С Игнахой Сопроновым насчет избы и говорить было нечего.
Зырин упомянул церковную келью, намекая на председательскую женитьбу. Вся деревня давно знала о планах Митьки жениться на Марье Александровне. Сперва Куземкин навострил было глаз на Тоньку-пигалицу, но с приездом из Ленинграда Васьки Пачина надежда на Тоньку лопнула. Начал всерьез подумывать Митя насчет наставницы. Но та, лишь занятия кончились, на все лето укатила к сестре в Вологду. Келья действительно стояла пустая и на замке. Шутник Зырин сватал Куземкину то Палашку Евграфову (дескать, эта уже с готовым ребенком, не надо и трудиться в первую ночь), то Ольховскую Степаниду. Однажды предложил он Митьке единоличницу Самовариху. Тут уж Куземкин с матюгами вышел из себя, рассердился на своего счетовода: «Погляжу вот я, сам-то какую прынцессу выберешь. Ежели на выселенку надия, дак здря! Не вытянешь ты с нею партейной классовой линии. Отправят тебя из счетоводов да прямиком в Соловки!» А Зырин по ширинке похлопал и говорит: «Вот моя главная линия! На Соловки поезжай сам, ежели охота».
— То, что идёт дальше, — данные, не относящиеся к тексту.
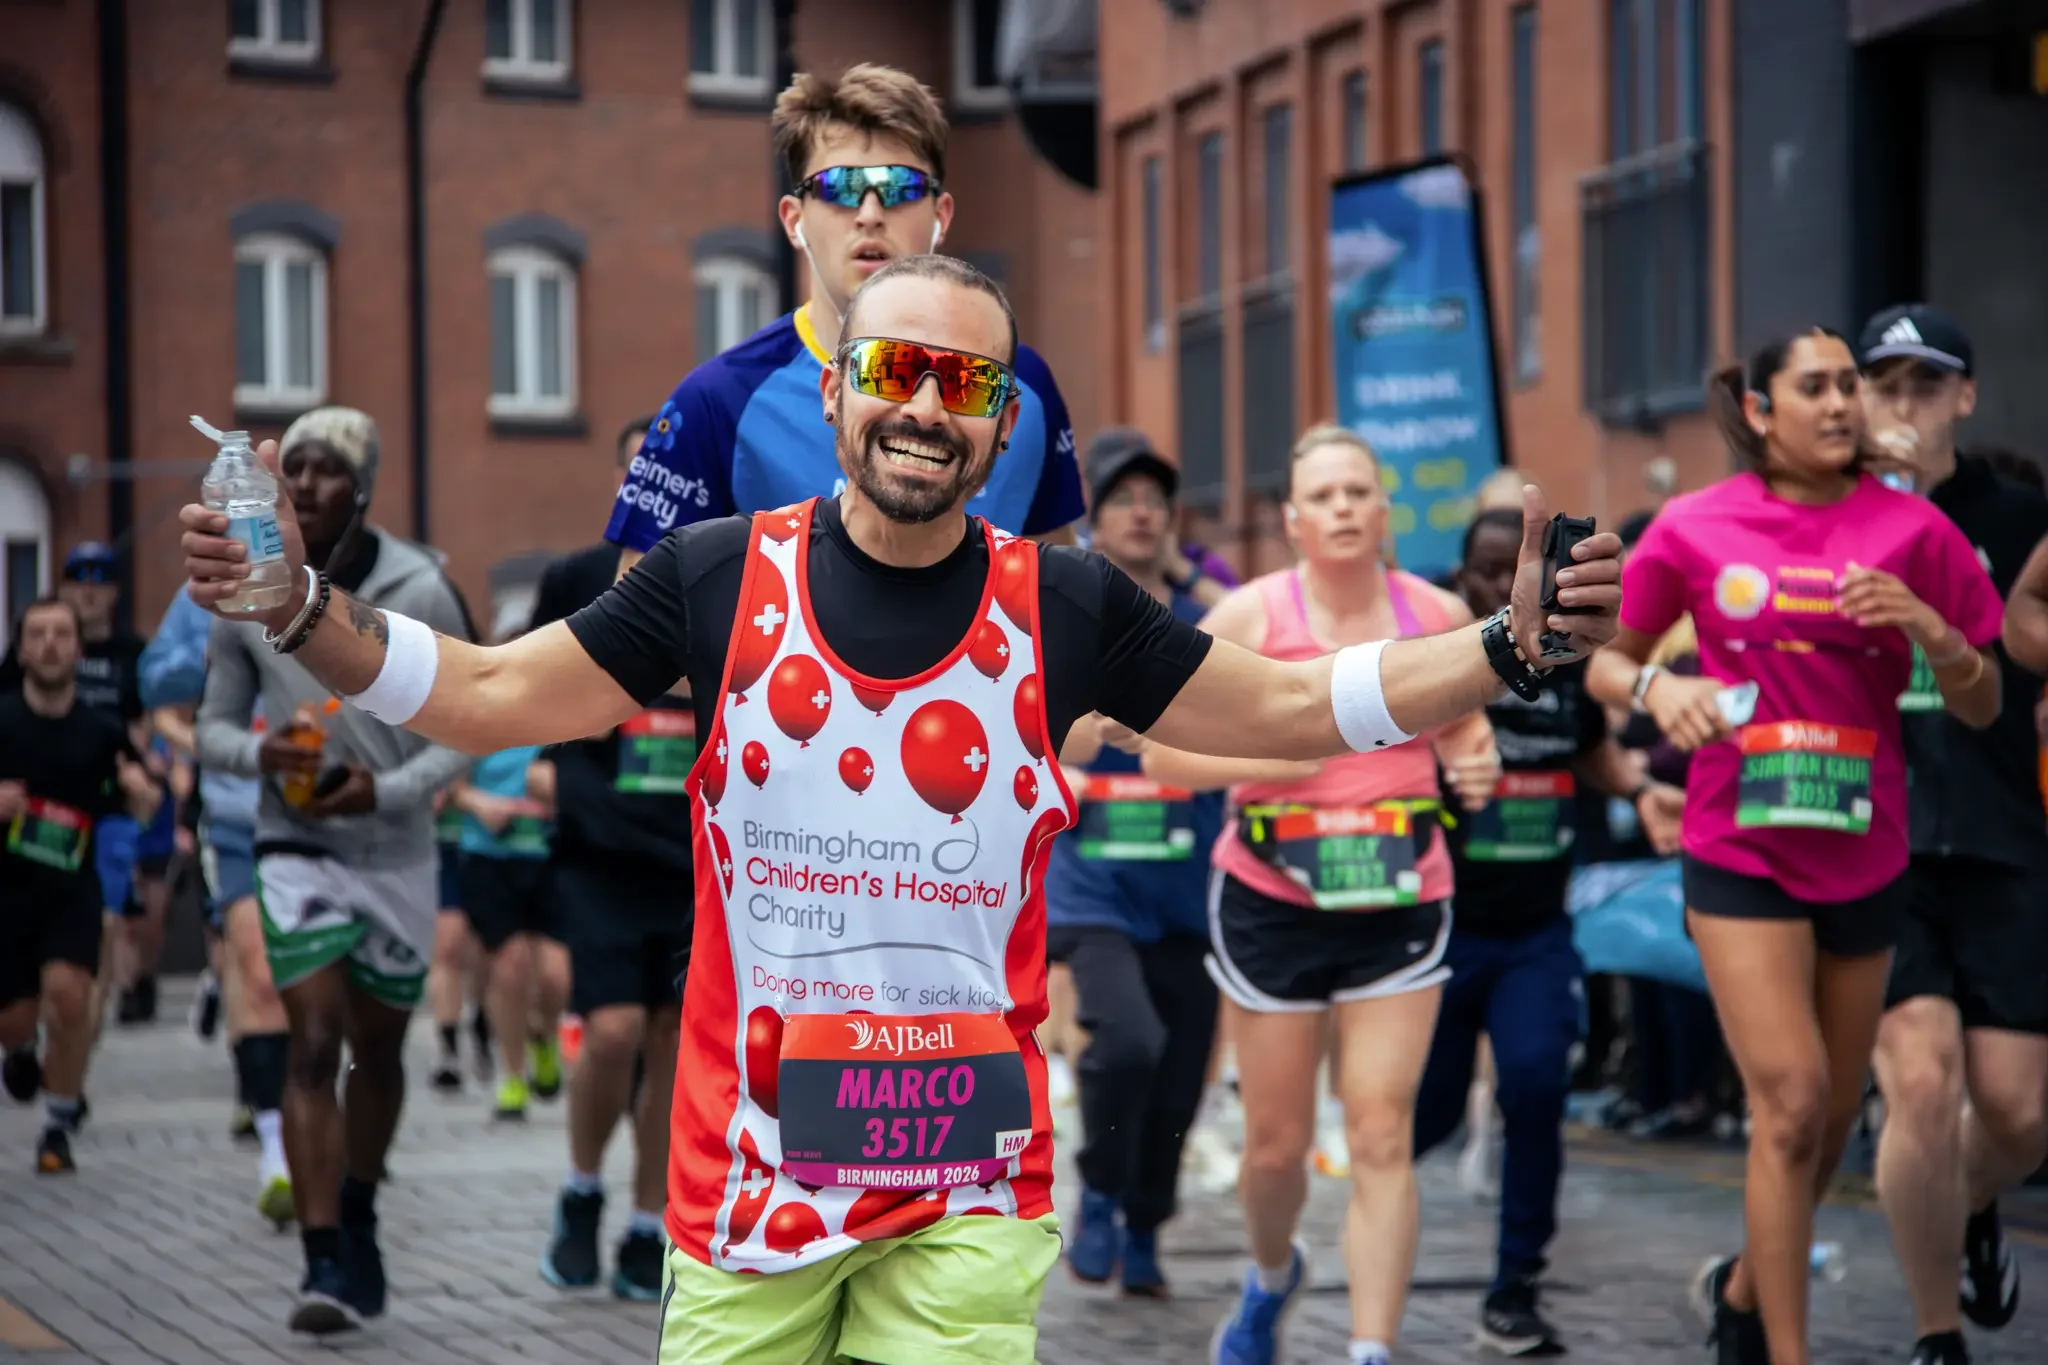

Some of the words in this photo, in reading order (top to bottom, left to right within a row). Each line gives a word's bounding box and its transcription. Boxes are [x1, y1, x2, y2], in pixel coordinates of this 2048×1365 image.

[743, 820, 921, 864] Birmingham
[746, 857, 883, 898] Children's
[894, 871, 1007, 911] Hospital
[748, 893, 845, 938] Charity
[753, 965, 807, 1000] Doing
[813, 981, 874, 1001] more
[880, 981, 911, 1003] for
[919, 984, 960, 1006] sick
[835, 1064, 975, 1109] MARCO
[861, 1115, 955, 1158] 3517
[1003, 1135, 1025, 1152] HM
[837, 1167, 938, 1187] BIRMINGHAM
[943, 1165, 980, 1184] 2026
Нет, не сговорился Евграф с колхозными командирами насчет своего будущего. Где жить? Спасибо Самоварихе: баба пустила Марью с Палашкой да еще и с малым дитем. Пока не гонит. Говорят, и Жучкове семейство жило у нее какое-то время. Вот был колхоз дак колхоз! Хоть и большая изба, но неизвестно, как они там все помещались.
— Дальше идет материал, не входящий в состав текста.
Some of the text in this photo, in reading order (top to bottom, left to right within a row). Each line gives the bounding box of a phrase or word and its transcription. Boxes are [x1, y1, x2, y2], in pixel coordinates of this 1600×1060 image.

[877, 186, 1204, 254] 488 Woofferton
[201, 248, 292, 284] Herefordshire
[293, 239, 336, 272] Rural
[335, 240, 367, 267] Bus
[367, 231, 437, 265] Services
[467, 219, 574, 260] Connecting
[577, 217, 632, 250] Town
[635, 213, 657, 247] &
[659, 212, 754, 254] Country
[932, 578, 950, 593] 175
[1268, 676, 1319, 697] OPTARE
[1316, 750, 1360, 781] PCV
А и нынче, разве это дело? В сенокос-то и на верхнем сарае либо в сеннике можно проспать, а ну-ко зима? Сегодня вон пришла очередь пастуха Гурю кормить. К ночи и тот придет. Утром чуть свет подымется с ним вся бабья оравушка. Девчушку разбудят…
С такими невеселыми думами Евграф брел от конторы в сторону Самоварихиной клетины.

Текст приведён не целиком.